:: SUPPLIED DATA
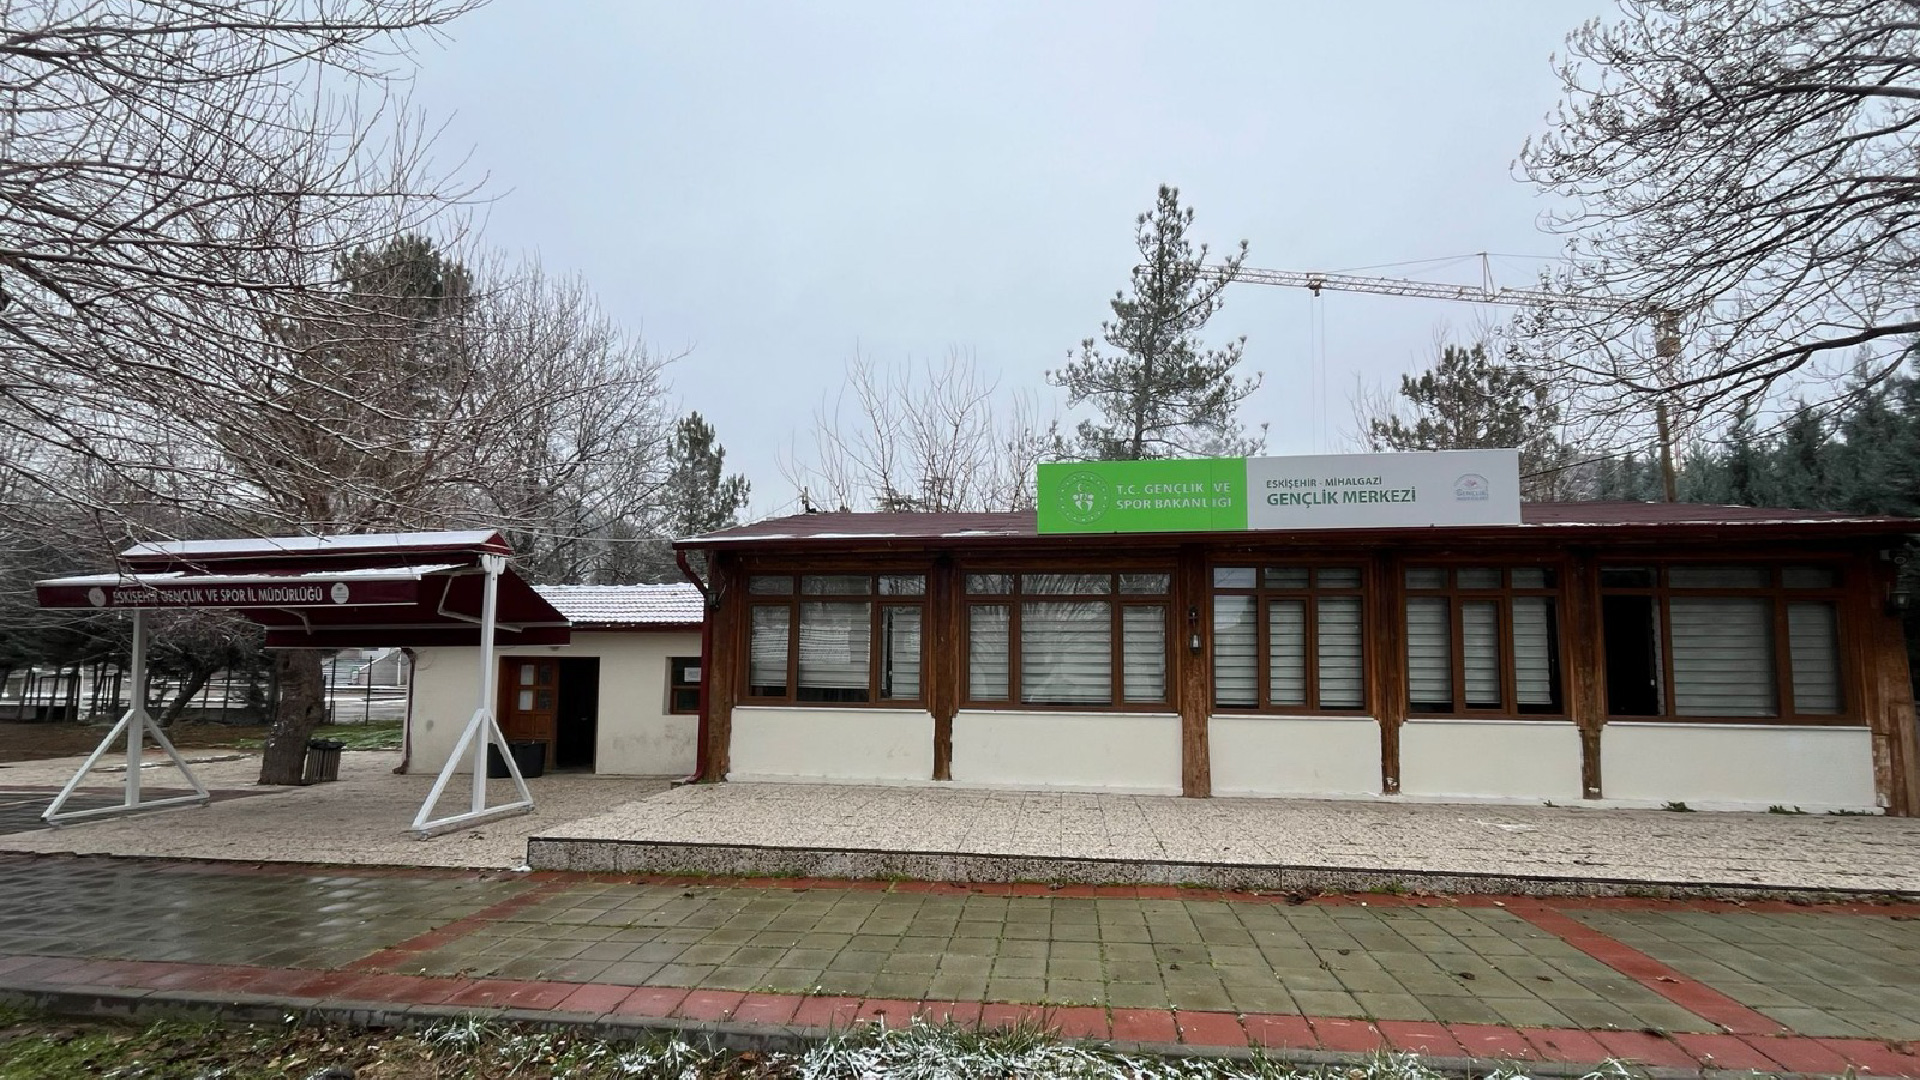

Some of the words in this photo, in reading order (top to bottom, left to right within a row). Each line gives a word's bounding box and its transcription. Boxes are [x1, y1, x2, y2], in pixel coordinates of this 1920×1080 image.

[1213, 482, 1231, 493] VE
[1266, 478, 1316, 489] ESKİŞEHİR
[1325, 477, 1382, 486] MİHALGAZİ
[1267, 489, 1338, 508] GENÇLİK
[1343, 486, 1415, 504] MERKEZİ
[1116, 499, 1151, 510] SPOR
[205, 589, 217, 602] VE
[221, 589, 246, 602] SPOR
[246, 587, 257, 602] İL
[258, 586, 322, 602] MÜDÜRLÜĞÜ
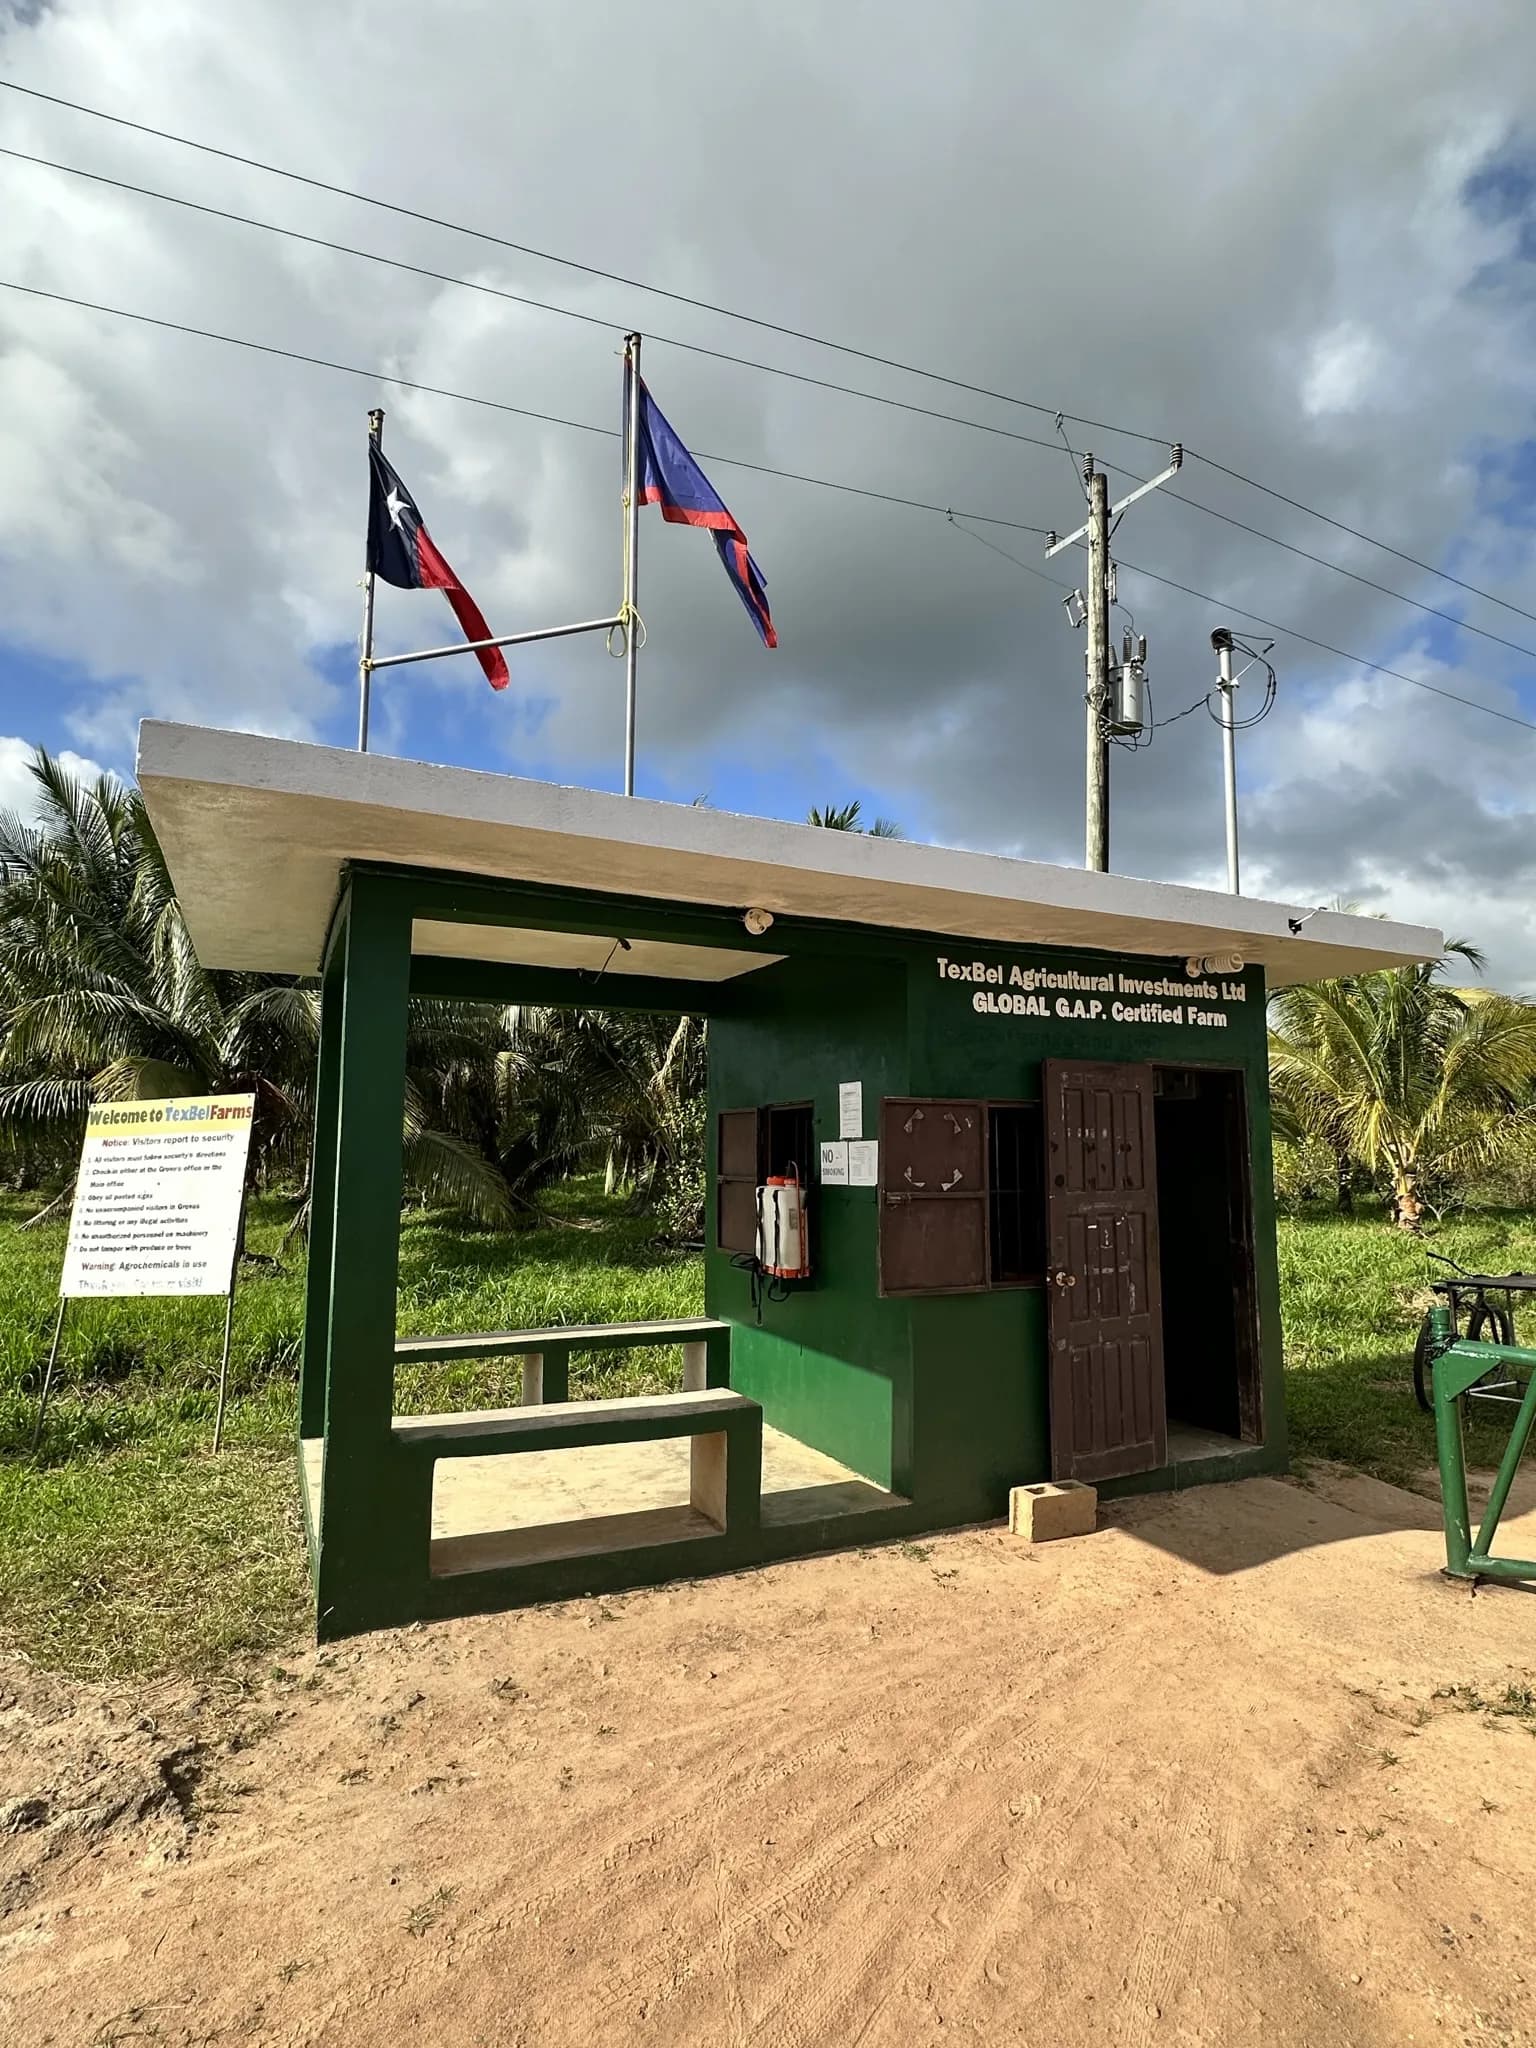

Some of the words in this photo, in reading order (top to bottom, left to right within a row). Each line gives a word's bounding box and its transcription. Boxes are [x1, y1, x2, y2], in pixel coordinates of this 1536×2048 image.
::::
YOUR TASK: Could the material above be given again exactly, pictures excluded?

EXERCISE RESULT:
Some of the words in this photo, in reading order (top to bottom, left to right within a row). Each line gives a word's bounding box and its transcription. Boxes are [x1, y1, x2, y2], in pixel coordinates of this 1920×1080 image.

[1213, 482, 1231, 493] VE
[1266, 478, 1316, 489] ESKİŞEHİR
[1325, 477, 1382, 486] MİHALGAZİ
[1267, 489, 1338, 508] GENÇLİK
[1343, 486, 1415, 504] MERKEZİ
[1116, 499, 1151, 510] SPOR
[205, 589, 217, 602] VE
[221, 589, 246, 602] SPOR
[246, 587, 257, 602] İL
[258, 586, 322, 602] MÜDÜRLÜĞÜ

Some of the words in this photo, in reading order (top to bottom, left to right within a row). Each line gives a word's bounding box and its transcription. Boxes are [x1, y1, x2, y2], in pixel coordinates of this 1536×2048 image.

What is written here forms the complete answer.